WHAT THE TASK REQUIRES ▸
Excluding all pictures, please output the listing exactly.

RECORDS SUPPLIED ▸

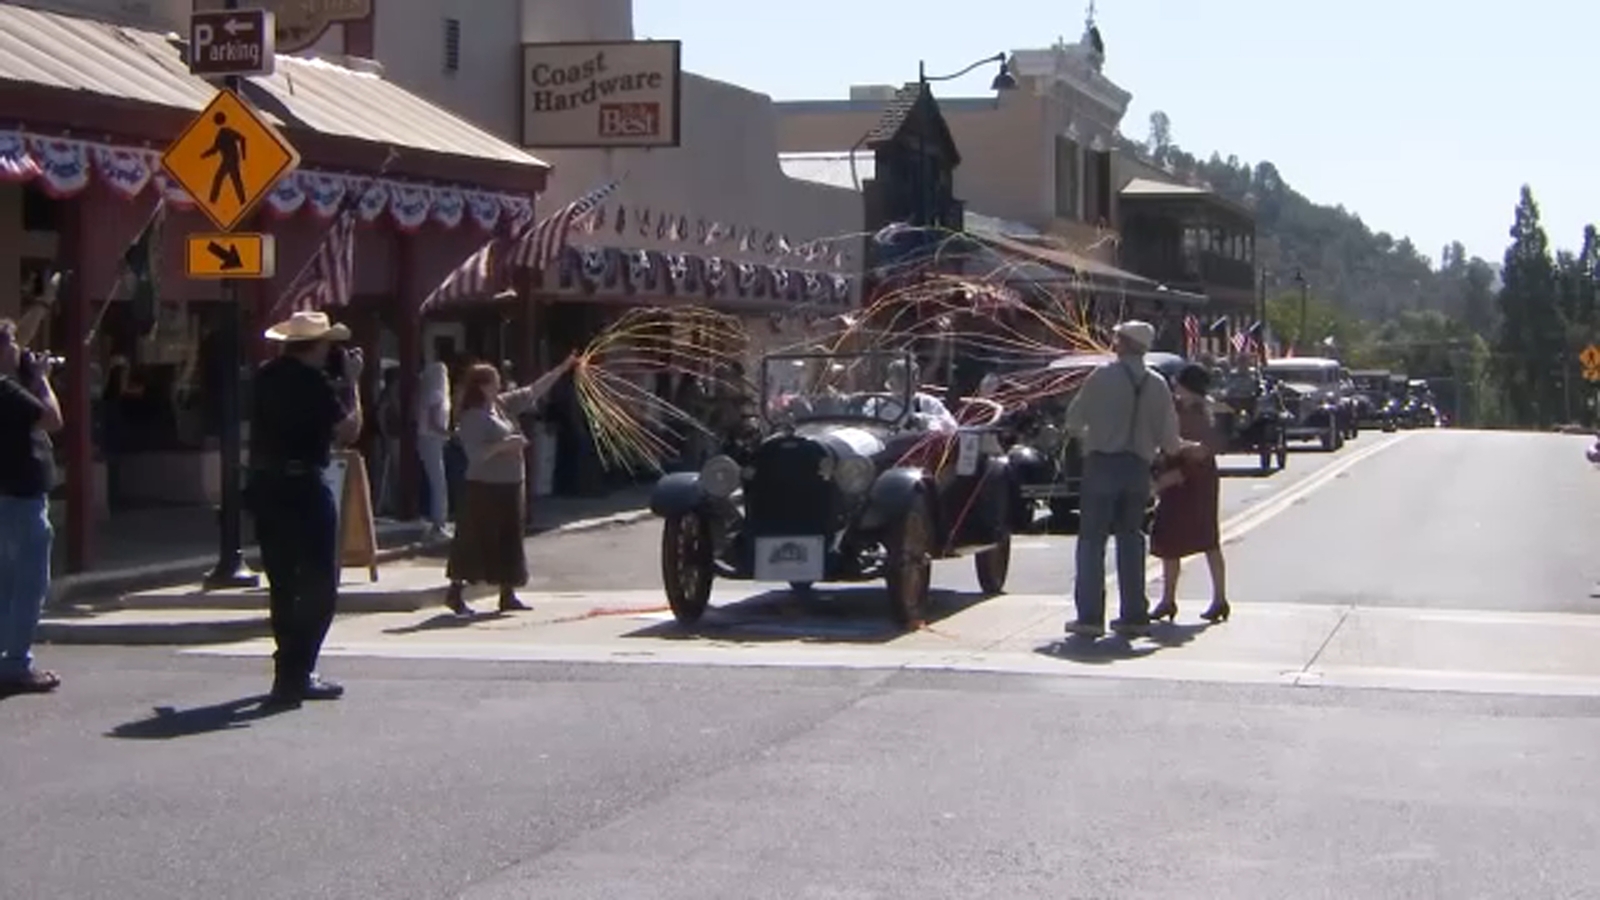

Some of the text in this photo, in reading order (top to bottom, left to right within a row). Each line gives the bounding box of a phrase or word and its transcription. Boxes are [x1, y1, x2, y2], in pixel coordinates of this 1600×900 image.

[194, 24, 259, 65] Parking
[532, 52, 608, 87] Coast
[533, 71, 662, 112] Hardware
[602, 109, 654, 134] Best
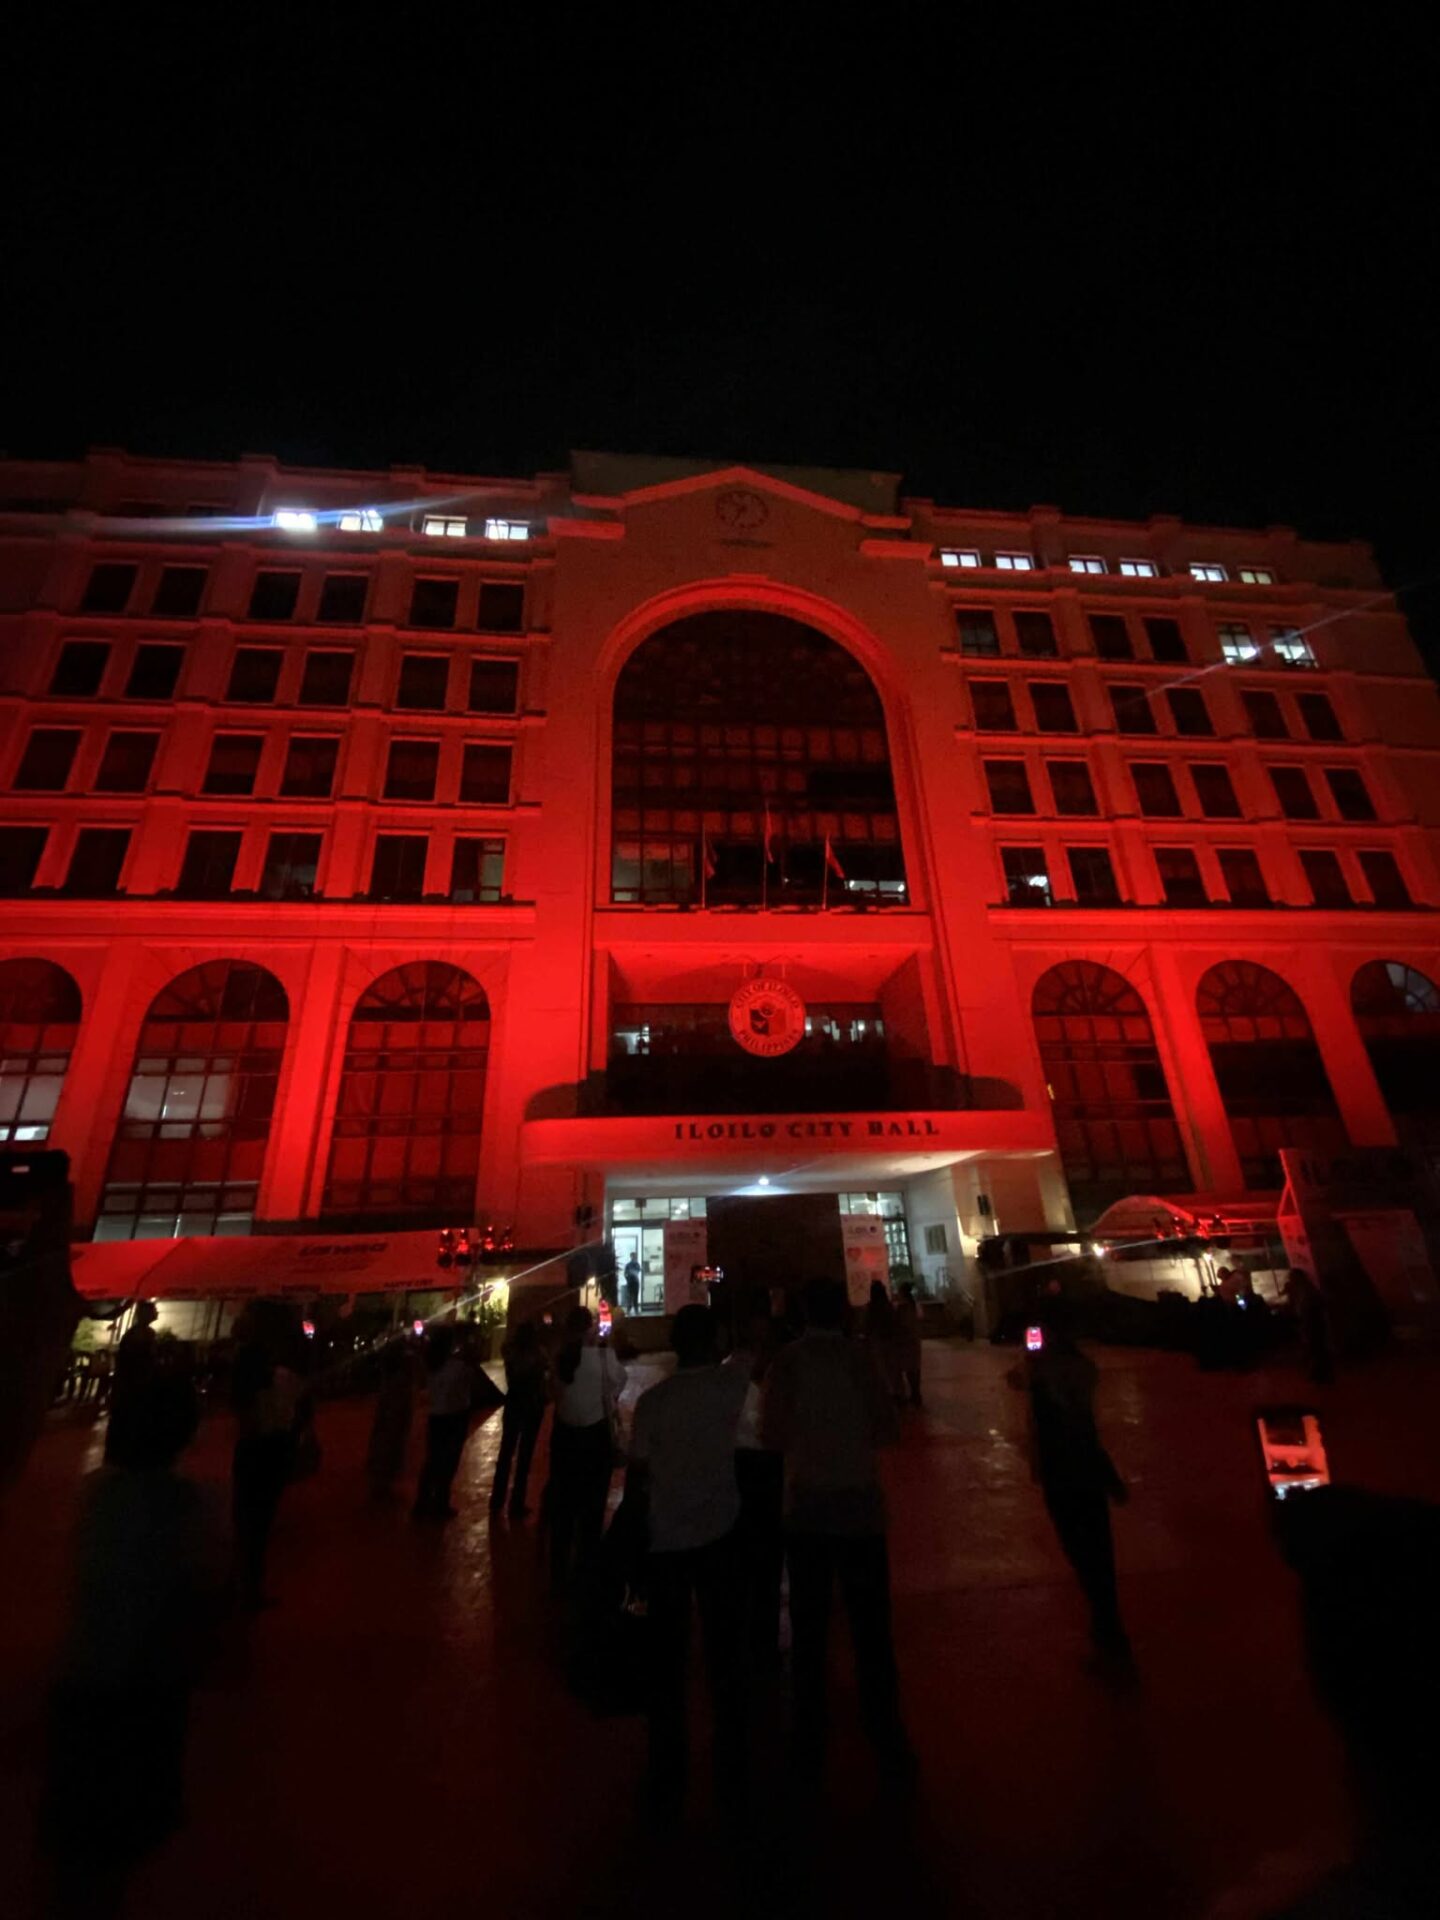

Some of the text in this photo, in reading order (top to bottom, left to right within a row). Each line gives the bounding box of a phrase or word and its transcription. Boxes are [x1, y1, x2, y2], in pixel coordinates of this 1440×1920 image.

[735, 986, 751, 1008] CITY
[674, 1119, 939, 1140] ILOILO CITY HALL
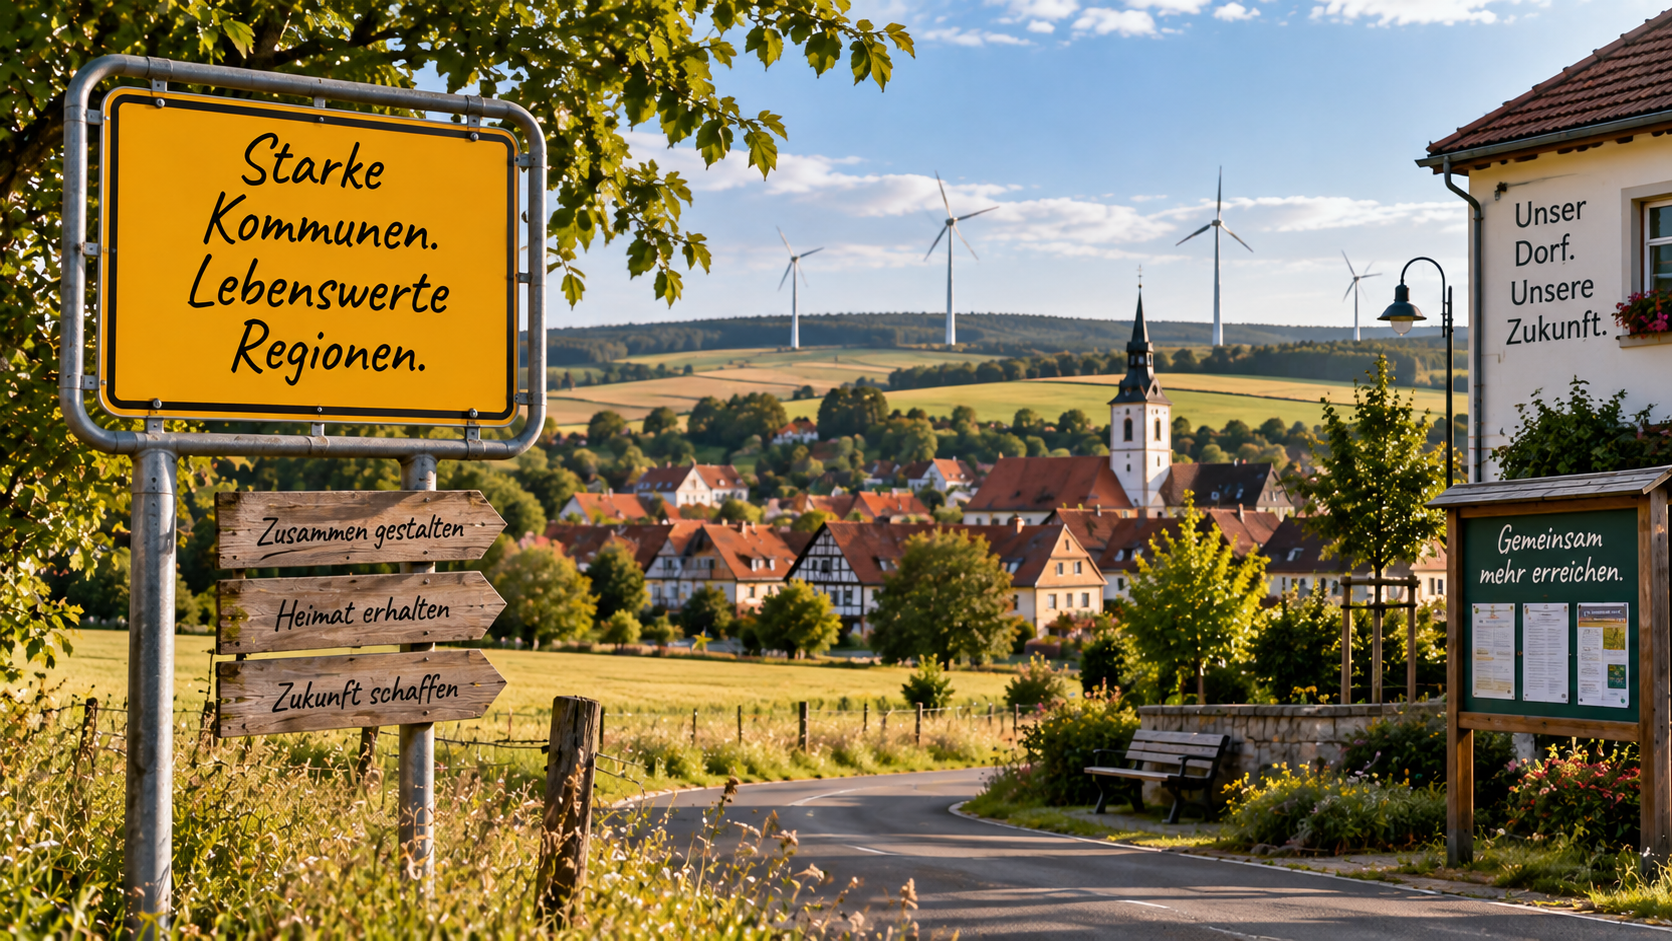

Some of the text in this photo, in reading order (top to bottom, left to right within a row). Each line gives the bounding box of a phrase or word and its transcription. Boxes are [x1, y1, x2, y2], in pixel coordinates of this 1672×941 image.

[241, 132, 385, 190] Starke
[203, 190, 438, 250] Kommunen.
[1515, 200, 1587, 228] Unser
[1515, 233, 1575, 267] Dorf.
[187, 253, 450, 313] Lebenswerte
[1511, 278, 1594, 306] Unsere
[1505, 309, 1608, 345] Zukunft.
[231, 318, 426, 386] Regionen.
[256, 514, 464, 549] Zusammen gestalten
[1498, 524, 1603, 554] Gemeinsam
[1479, 556, 1624, 584] mehr erreichen.
[274, 595, 450, 632] Heimat erhalten
[271, 673, 459, 713] Zukunft schaffen
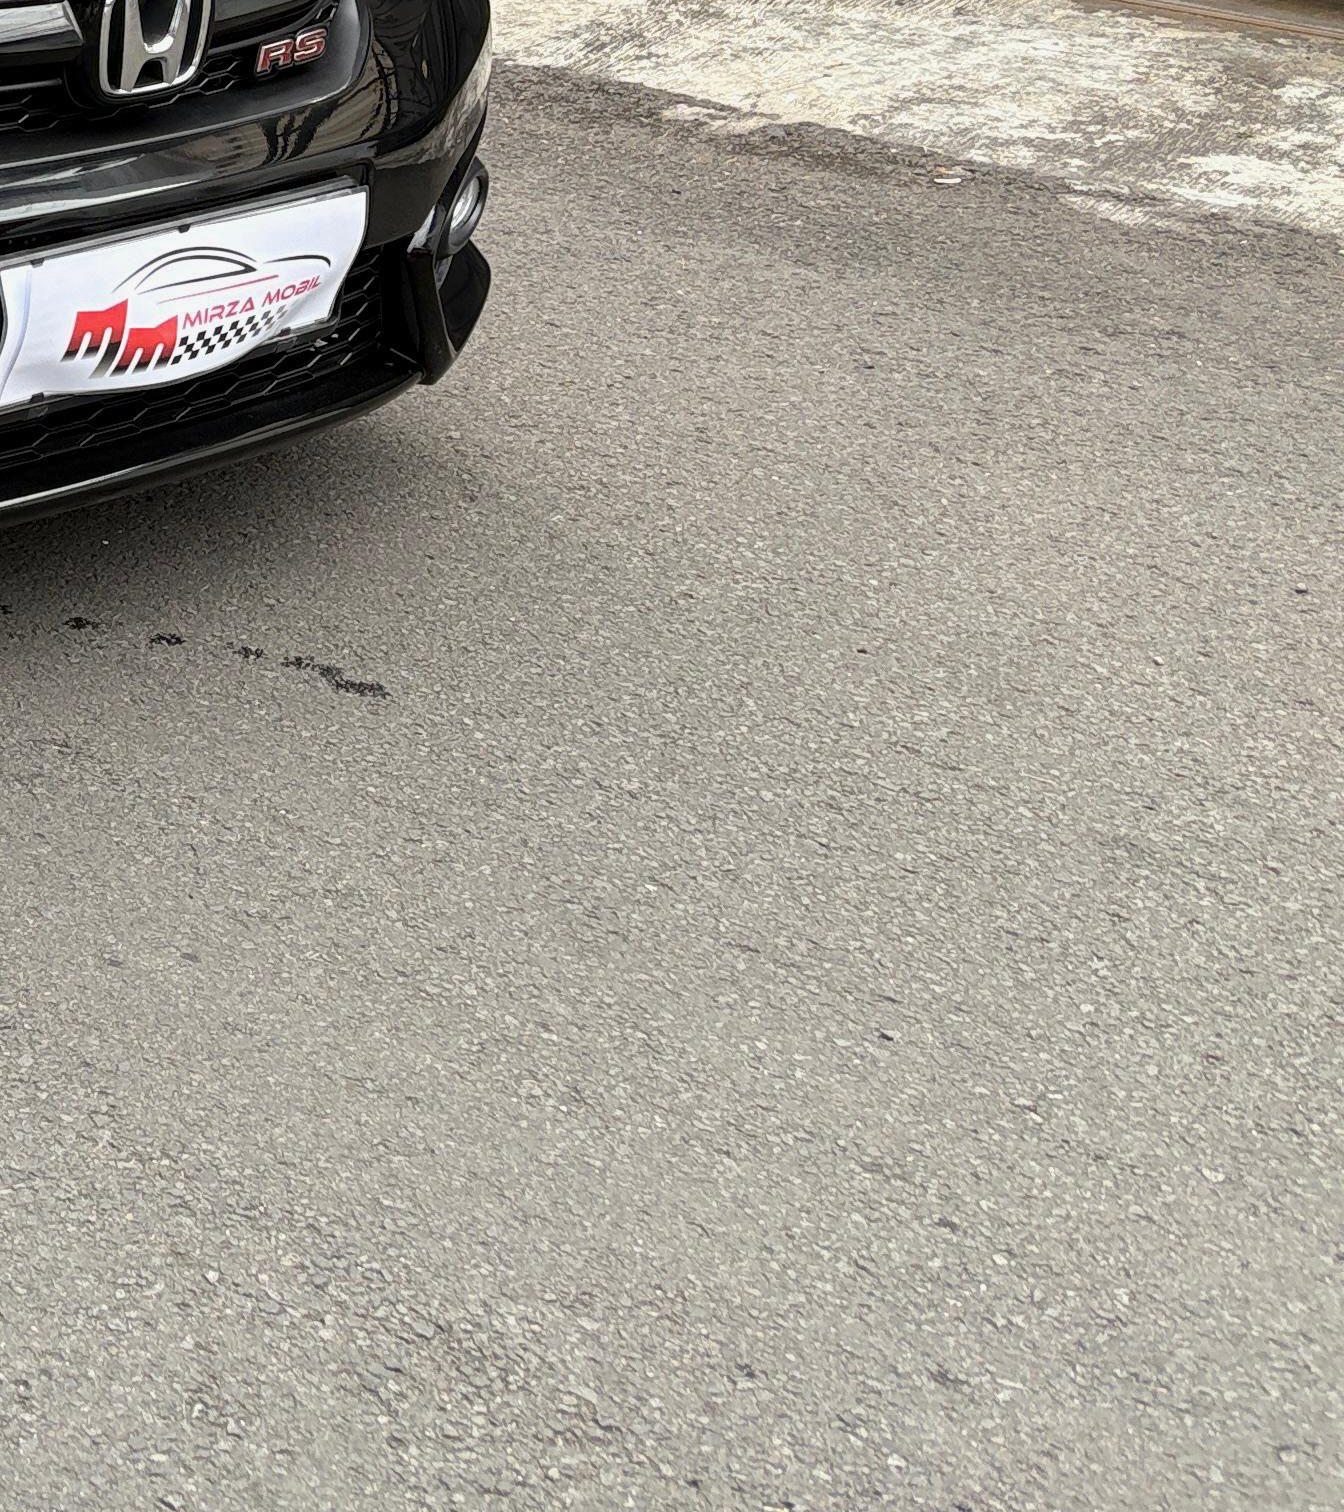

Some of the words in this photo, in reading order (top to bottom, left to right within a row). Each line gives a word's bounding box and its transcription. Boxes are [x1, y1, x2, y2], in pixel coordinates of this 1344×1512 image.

OUTPUT OF THE TASK ▸
Some of the text in this photo, in reading order (top to bottom, left to right within a row). Each line gives the bounding box of a phrase or word and its transcription. Boxes are [x1, y1, x2, y2], in pixel coordinates of this 1600×900 image.

[194, 24, 259, 65] Parking
[532, 52, 608, 87] Coast
[533, 71, 662, 112] Hardware
[602, 109, 654, 134] Best

Some of the text in this photo, in reading order (top to bottom, left to right within a row). Each line gives the bounding box of a phrase or word and its transcription. Boxes are [x1, y1, x2, y2], in pixel coordinates of this 1440×1920 image.

[735, 986, 751, 1008] CITY
[674, 1119, 939, 1140] ILOILO CITY HALL

Some of the text in this photo, in reading order (top to bottom, left to right within a row). Each line gives the bounding box of a phrase or word and its transcription. Boxes are [x1, y1, x2, y2], in pixel coordinates of this 1672×941 image.

[241, 132, 385, 190] Starke
[203, 190, 438, 250] Kommunen.
[1515, 200, 1587, 228] Unser
[1515, 233, 1575, 267] Dorf.
[187, 253, 450, 313] Lebenswerte
[1511, 278, 1594, 306] Unsere
[1505, 309, 1608, 345] Zukunft.
[231, 318, 426, 386] Regionen.
[256, 514, 464, 549] Zusammen gestalten
[1498, 524, 1603, 554] Gemeinsam
[1479, 556, 1624, 584] mehr erreichen.
[274, 595, 450, 632] Heimat erhalten
[271, 673, 459, 713] Zukunft schaffen

Some of the words in this photo, in reading order (top to bottom, left to right within a row). Each line gives a word's bounding box and its transcription. Boxes are [x1, y1, x2, y2], in pixel coordinates of this 1344×1512 image.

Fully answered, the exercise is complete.